Na samym końcu znajduje się enigmatyczna pozycja „dodaj” i to właśnie tam ukryto multum dodatkowych i mniej popularnych opcji, takich jak trening siłowy, stepper, aerobik, crossfit, boks, rodzaje zabaw jak taniec, jazda na rolkach, łucznictwo, dyscypliny zespołowe (m.in badminton, siatkówka, rugby), ćwiczenia wodne (żeglarstwo czy surfowanie), zimowe (łyżwy czy saneczkarstwo).
Zebrane dane z naszego dnia znajdziemy w zakładce Aktywności:
Oczywiście znajdźmy tu sporo opcji, do których przyzwyczaiły nas smartwatche/smartbandy: od odnalezienia telefonu, przez pogodę (o dziwo mamy tylko aktualną, bez prognozy), stoper, minutnik, latarkę, kompas, sterowanie muzyką, po szczegółowe dane snu.
Ciekawostką jest barometr i wspomniana już analiza SpO2.
Choć smartwatch według producenta posiada funkcję wykrywania popularnych treningów, to w przypadku marszu sprawdza się ona o wiele gorzej niż rozwiązanie proponowane przez Samsunga w modelu Active 2 i często wcale nie włącza aktywności.

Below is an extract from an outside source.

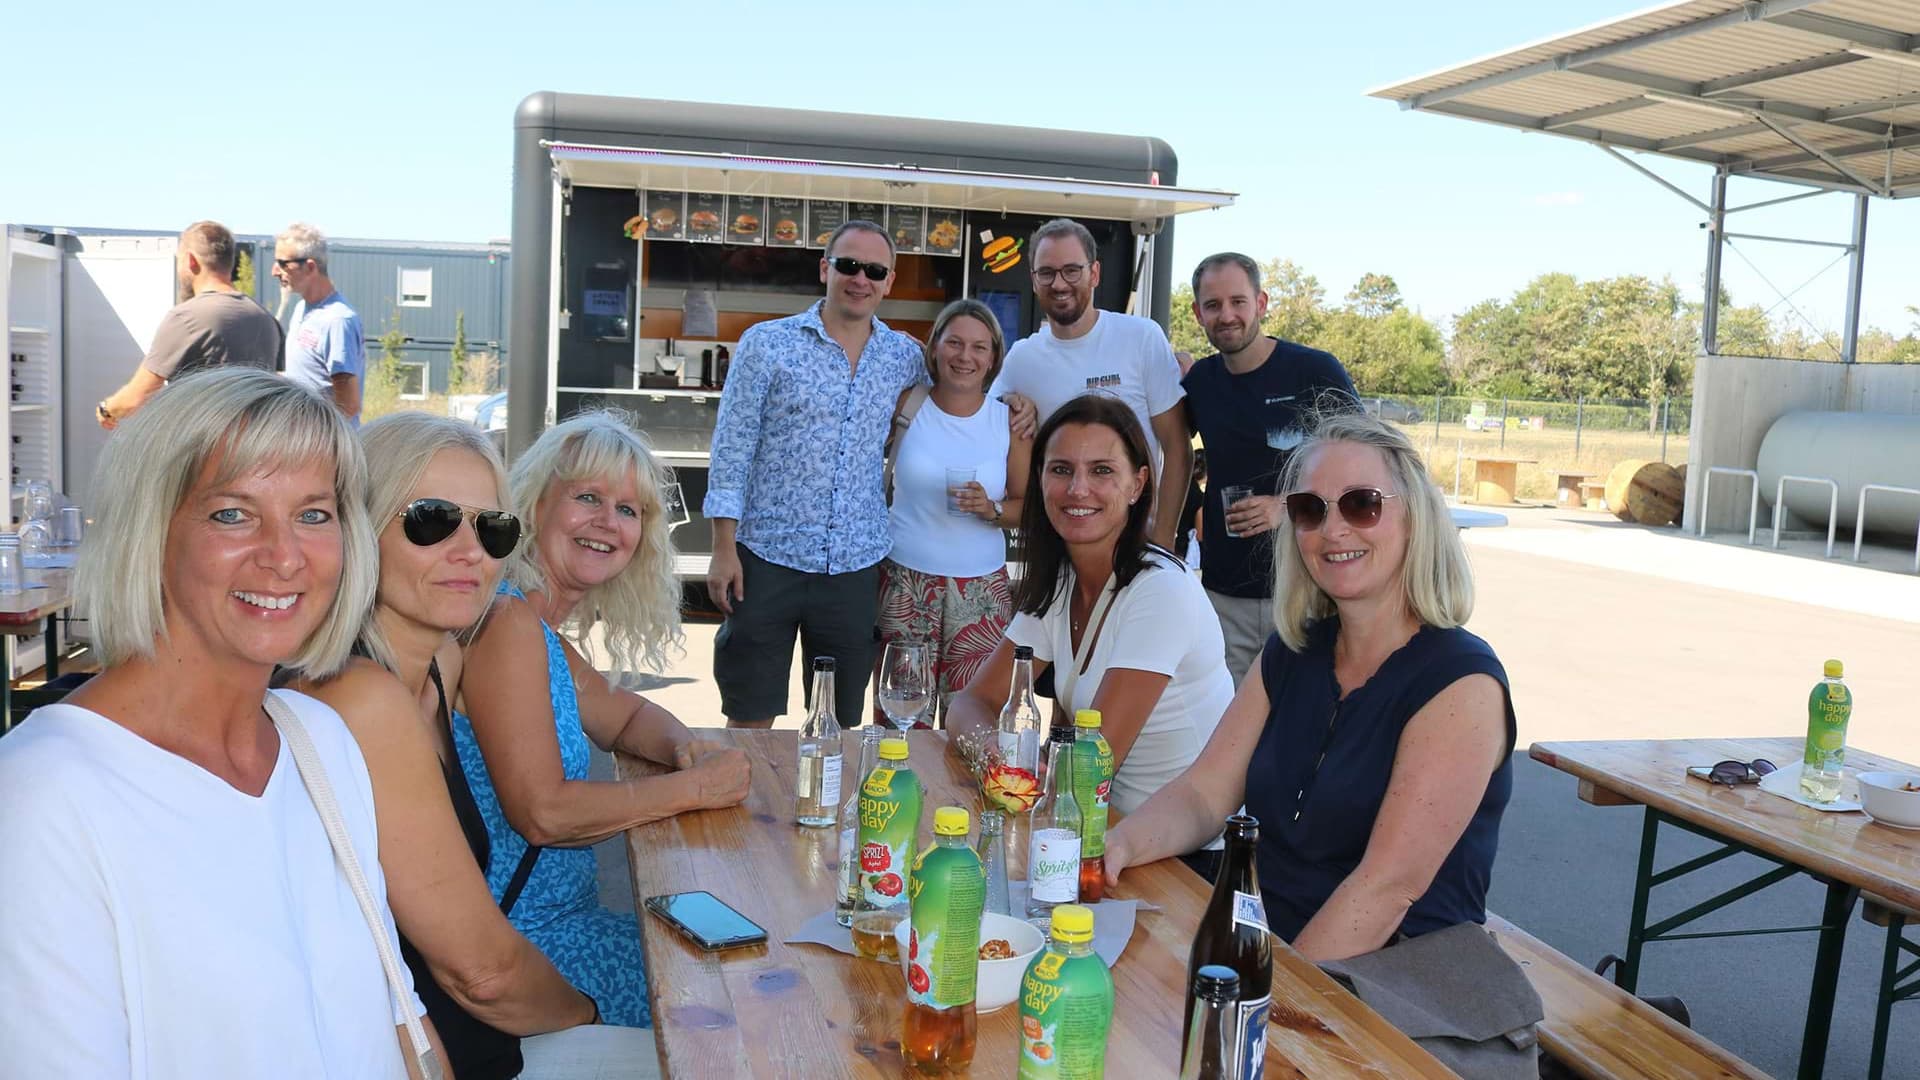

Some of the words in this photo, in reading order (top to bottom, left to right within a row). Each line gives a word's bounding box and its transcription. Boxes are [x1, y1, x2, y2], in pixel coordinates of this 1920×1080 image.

[1824, 713, 1843, 724] day
[861, 813, 888, 833] day
[1025, 993, 1050, 1016] day

Zegarek parujemy z aplikacją Huawei Zdrowie, której szczegółowe omówienie znajdziecie w przywoływanej już recce poprzednika (test Huawei Watch GT2).
W telegraficznym skrócie:
Czy znajdziemy tu coś, co znacząco odróżniałoby GT2e od poprzednika? Poza analizą SpO2 – nie.
Nie wiem, czy to wina testowania zegarka sparowanego z telefonem Motoroli (oczywiście poza apką Zdrowie zainstalowane usługi Huawei), ale zauważyłem problemy z brakiem powiadomień. Co zabawne, były one zupełnie losowe i raz dotyczyły wiadomości mailowej, a kolejny raz Whatsappa.

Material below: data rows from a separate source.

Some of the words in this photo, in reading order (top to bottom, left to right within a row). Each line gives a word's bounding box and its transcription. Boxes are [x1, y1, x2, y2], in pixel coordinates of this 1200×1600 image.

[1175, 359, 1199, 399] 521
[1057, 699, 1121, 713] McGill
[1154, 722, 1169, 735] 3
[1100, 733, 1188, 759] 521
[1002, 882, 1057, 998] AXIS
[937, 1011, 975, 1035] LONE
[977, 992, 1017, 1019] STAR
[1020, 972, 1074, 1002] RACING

Zawodzi odczyt z Gmaila, ponieważ widzimy tylko temat wiadomości bez jej treści. Oczywiście w przypadku komunikatorów zapomnijmy o jakiejkolwiek grafice – nie odbierzemy nawet miniaturki zdjęcia.
Rozczarowanie powoduje ekran przychodzącego połączenia głosowego: możemy je tylko odrzucić. Z oczywistych względów (brak mikrofonu i głośnika) nie użyjemy zegarka jako namiastki telefonu, ale smuci brak możliwości odebrania połączenia na telefonie poprzez wybór komendy na ekranie smartwatcha (a znajdziemy to choćby w Amazfitach).
W tej klasie urządzeń brakuje też możliwości odpowiedzi na wiadomość choćby preinstalowanym tekstem czy emotikoną. Za plus należy uznać bezproblemową obsługę polskich znaków w powiadomieniach, co wbrew pozorom nie jest wcale takie oczywiste.
Potknięcia z brakiem powiadomienia czy mizerne opcje interakcji na wiadomości/rozmowy to preludium do problemu z wydajnością smartwatcha, która zawodzi i przypomina chwilami pracę urządzenia za kilkadziesiąt złotych. Trudno uwierzyć, że zegarek za około 700 zł laguje w trakcie zwykłego przechodzenia po elementach menu!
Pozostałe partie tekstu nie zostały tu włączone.